Papers Explained 183: Magpie

6 min readAug 12, 2024

Magpie is a self-synthesis method for generating large-scale alignment data. It is based on the observation that aligned LLMs like Llama-3-Instruct because of their auto-regressive nature can generate a user query when input only the left-side templates up to the position reserved for user messages. Magpie is then used to generate 4M instructions along with their corresponding responses.

The project is available at Github.

The models and datasets are available at HuggingFace.

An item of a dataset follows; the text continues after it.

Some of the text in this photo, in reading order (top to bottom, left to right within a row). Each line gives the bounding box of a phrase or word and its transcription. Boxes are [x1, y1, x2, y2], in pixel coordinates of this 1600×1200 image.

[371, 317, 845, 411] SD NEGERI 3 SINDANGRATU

Magpie : A Scalable Method to Synthesize Instruction Data

The process of self-synthesizing instruction data from aligned LLMs.

Magpie consists of two steps:

Instruction Generation: Magpie crafts a query in a predefined template format, which defines the role of the instruction provider (e.g., user) but does not provide any instruction. The LLM then generates an instruction autonomously, and Magpie stops generating the instruction once the LLM produces an end-of-sequence token. This process is repeated to generate a set of instructions.
Response Generation: Magpie sends these instructions to the LLM to generate the corresponding responses. Combining the roles of instruction provider and follower, the instructions from Step 1, and the responses generated in Step 2 yields the instruction dataset.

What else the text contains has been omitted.